(於 中国放送役員会議室)
第472回中国放送番組審議会は、3月25日(火)に開催されました。
はじめに、新委員長の選任と副委員長の選任が行われ、委員長に広島大学総合科学部教授で学部長、副学長を歴任された生和秀敏氏、副委員長に三好久美子氏が選ばれました。
生和新委員長は、放送番組に対して関心をもって見てきました。今後の放送の有り様など広く考えていかなくてはならない時代にあると思っています。委員の皆様のご協力をいただきながら番組審議会としてキチンと役割を果たしていきたいと考えておりますと挨拶しました。

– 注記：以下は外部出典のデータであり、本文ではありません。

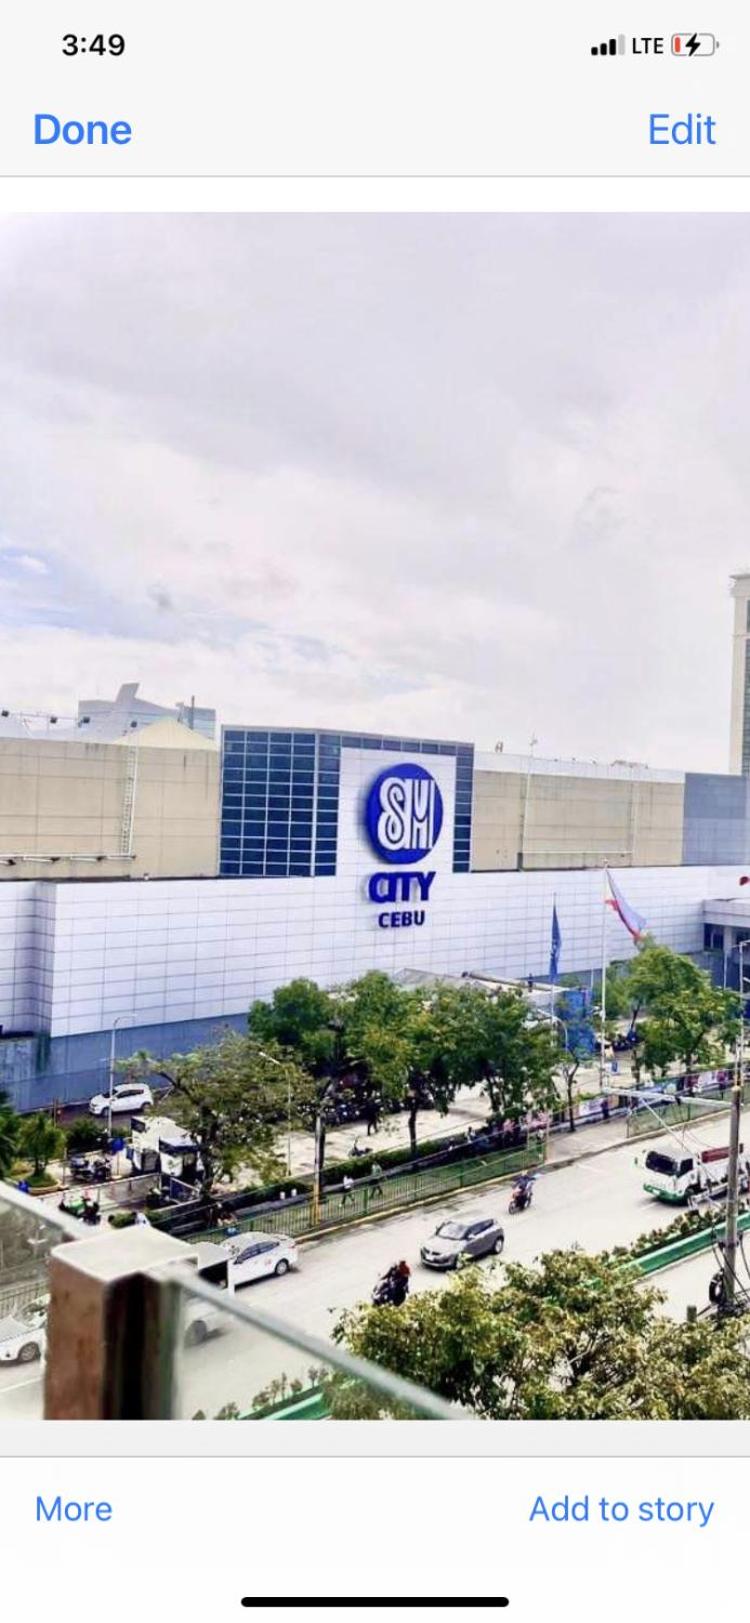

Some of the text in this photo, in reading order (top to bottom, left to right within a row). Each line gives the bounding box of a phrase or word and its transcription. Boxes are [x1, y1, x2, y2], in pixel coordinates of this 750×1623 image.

[377, 777, 435, 850] SM
[368, 871, 435, 904] CITY
[378, 911, 425, 928] CEBU

続いて、4月からの番組編成についてラジオ・テレビから報告が行われました。
RCCラジオは、朝から夕方までがらりと変わります。改編率は過去最高の65,2%になります。大人のための青春ラジオをコンセプトに大型情報エンターテイメント番組「本名正憲のきょうもゴゴイチ」が月〜金午後の時間帯に登場する他、午前には「三度のメシより上野隆紘」と「究極のオバンざい世良洋子アワー」が融合して「平成ラジオごぜん様さま」に変わるなど、パーソナリティーの交代を含め大幅なリニューアルになると報告しました。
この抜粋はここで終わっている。